Of the 19 patients included in the study, 15 patients provided consent to be followed up for survival and four patients did not provide consent to be followed up. 1-year survival data showed that 14 out of these 15 patient were alive and one passed away due to pneumonia assessed by the investigator as unrelated to the patients underlying cancer.

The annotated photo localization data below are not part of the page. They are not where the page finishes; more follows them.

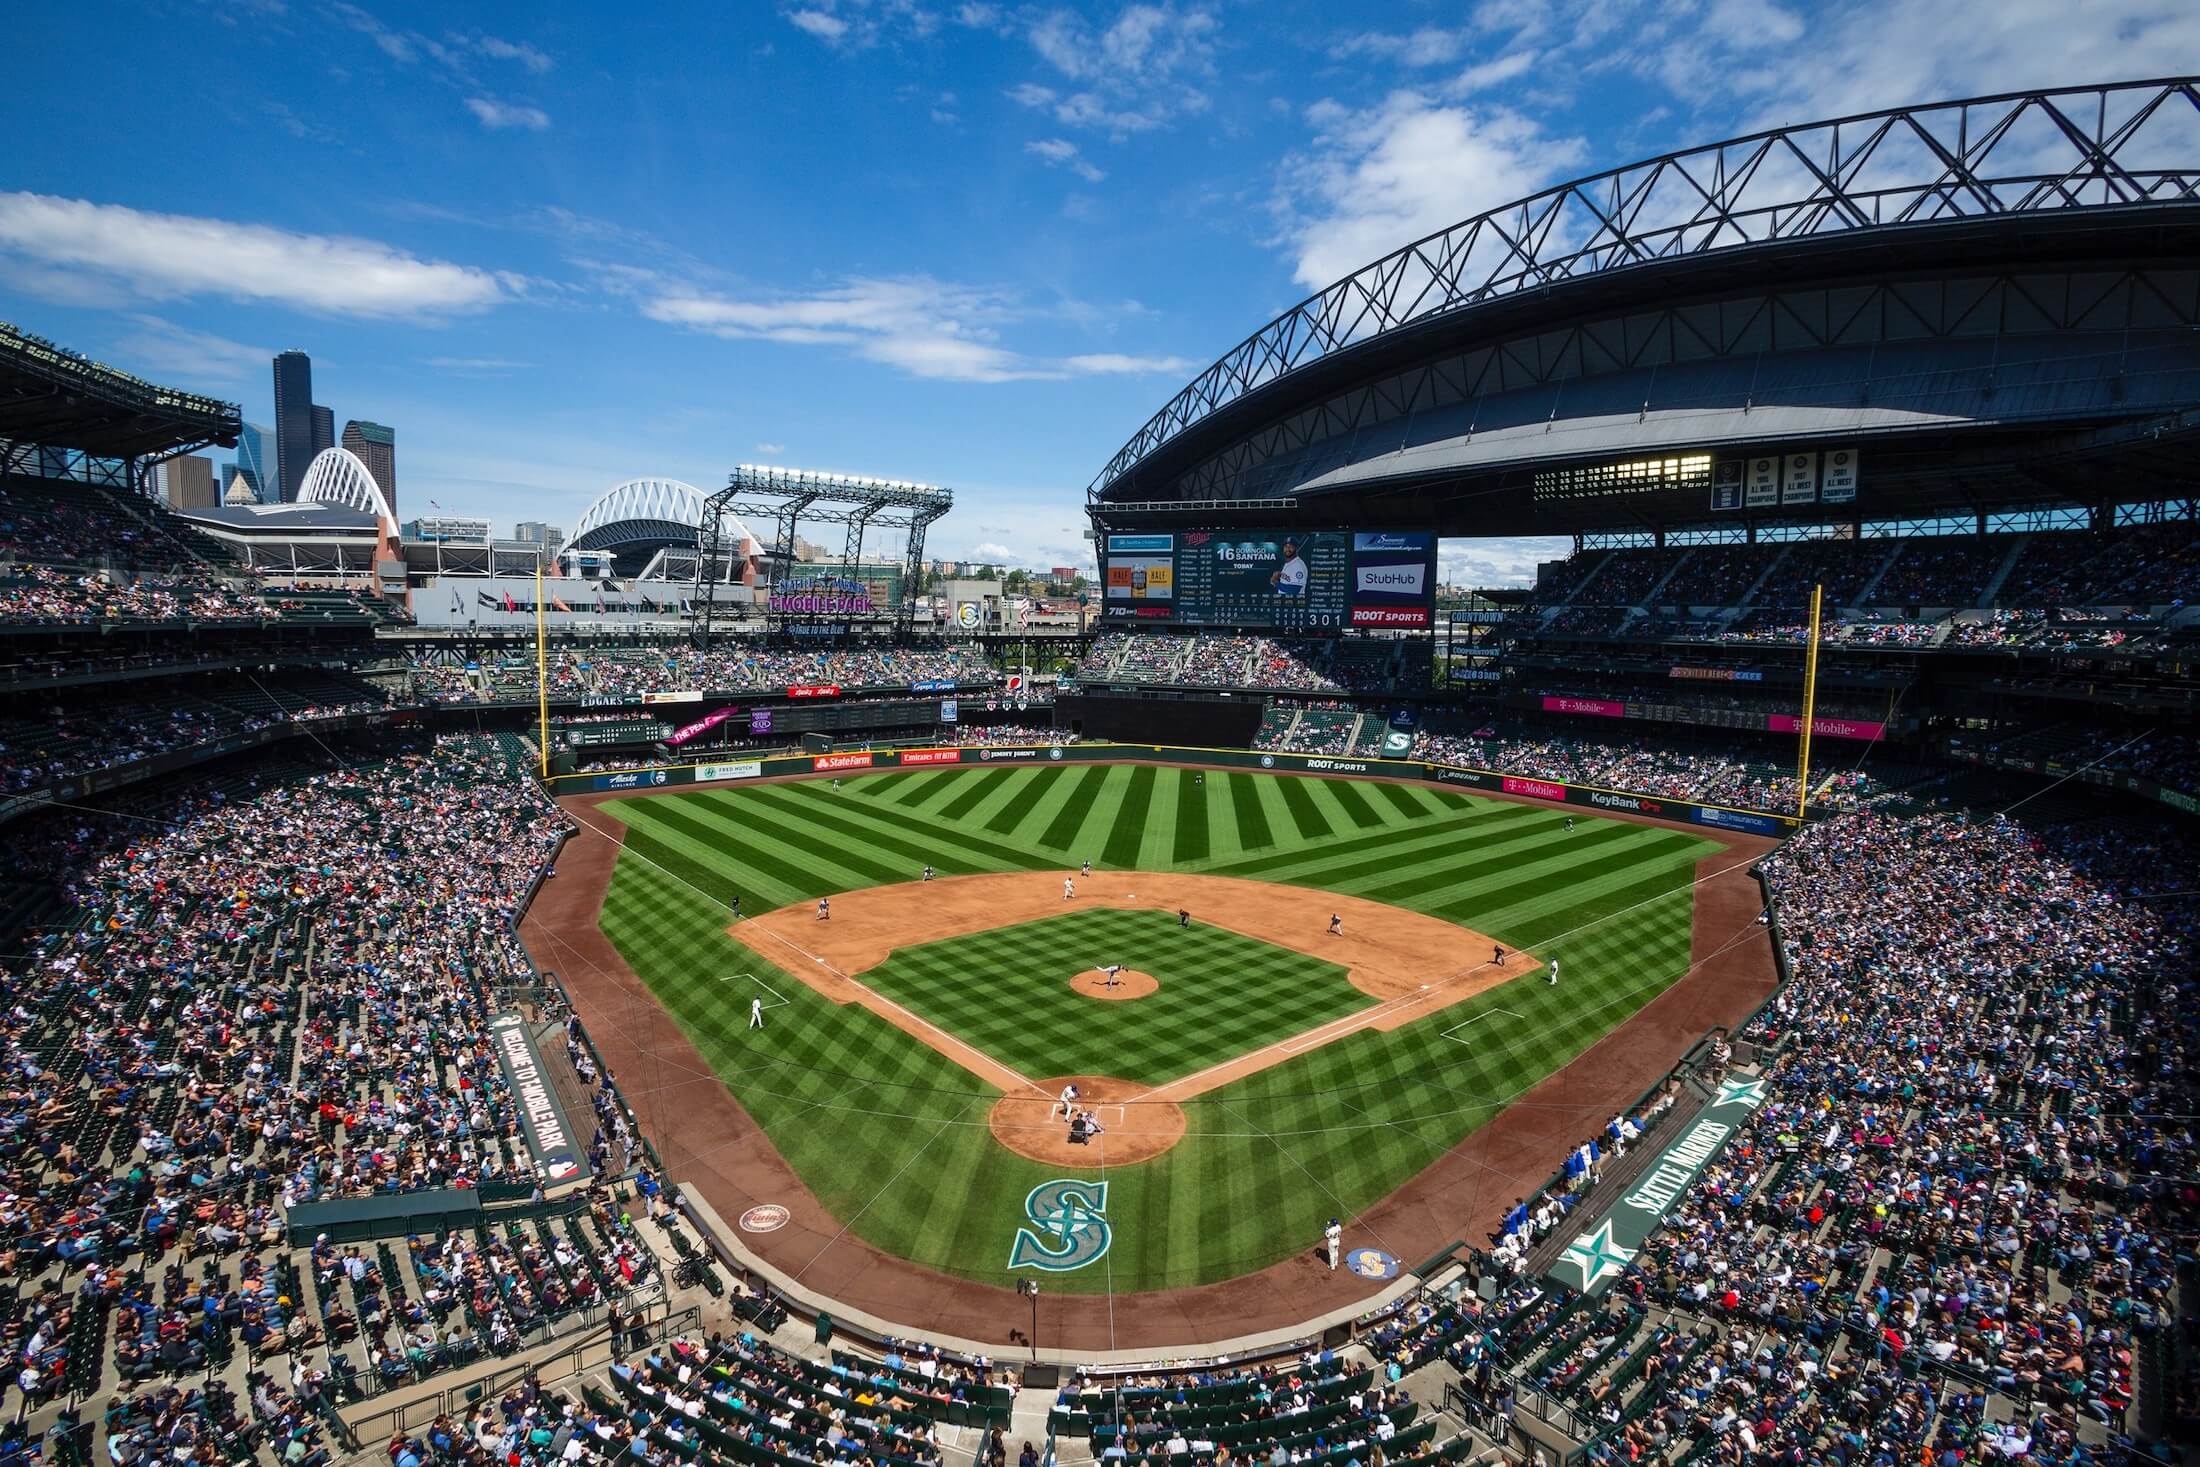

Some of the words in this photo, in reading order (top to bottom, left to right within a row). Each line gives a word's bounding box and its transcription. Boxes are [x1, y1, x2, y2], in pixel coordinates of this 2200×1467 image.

[1217, 548, 1234, 560] 16
[1151, 571, 1166, 579] HALF
[1366, 574, 1414, 584] StubHub
[769, 594, 836, 612] T-MOBILE
[837, 594, 876, 612] PARK
[1309, 615, 1316, 625] 3
[1321, 615, 1329, 625] 0
[1335, 615, 1340, 625] 1
[1353, 611, 1385, 620] ROOT
[1385, 613, 1424, 621] SPORTS
[1452, 612, 1503, 622] COUNTDOWN
[794, 624, 810, 634] TRUE
[811, 625, 817, 634] TO
[819, 625, 830, 634] THE
[830, 624, 845, 634] BLUE
[1484, 672, 1500, 680] DAYS
[1735, 672, 1763, 681] CAFE
[675, 730, 690, 740] THE
[1308, 760, 1333, 769] ROOT
[1334, 763, 1366, 771] SPORTS
[610, 774, 638, 783] Alaska
[1448, 772, 1480, 781] BOEING
[1591, 792, 1640, 809] KeyBank
[501, 1028, 534, 1068] WELCOME
[514, 1066, 538, 1080] TO
[519, 1077, 555, 1123] T-MOBILE
[534, 1119, 567, 1152] PARK
[1624, 1163, 1692, 1215] SEATTLE
[1663, 1118, 1730, 1170] MARINERS

The regimen was generally well tolerated and RAS specific T-cell immune responses were induced and enhanced when TG01/GM-CSF was administered in combination with gemcitabine (1).
“One must be careful when drawing conclusions from small survival trials, but this result is an encouraging signal of efficacy and we look forward to the two year survival data which is expected during the first half year of next year“, says Gunnar Gårdemyr, CEO of Targovax.
The study is a single arm study of TG01 in combination with standard of care gemcitabine as adjuvant treatment of patients with operable pancreatic cancer. The interim analysis covered 1-year survival of the first cohort of 19 patients.
References: 1-year overall survival in two independent studies of patients with resected adenocarcinoma of the pancreas receiving standard of care gemcitabine were both approximately 75% (2,3).
About Targovax: “Arming the patient’s immune system to fight cancer”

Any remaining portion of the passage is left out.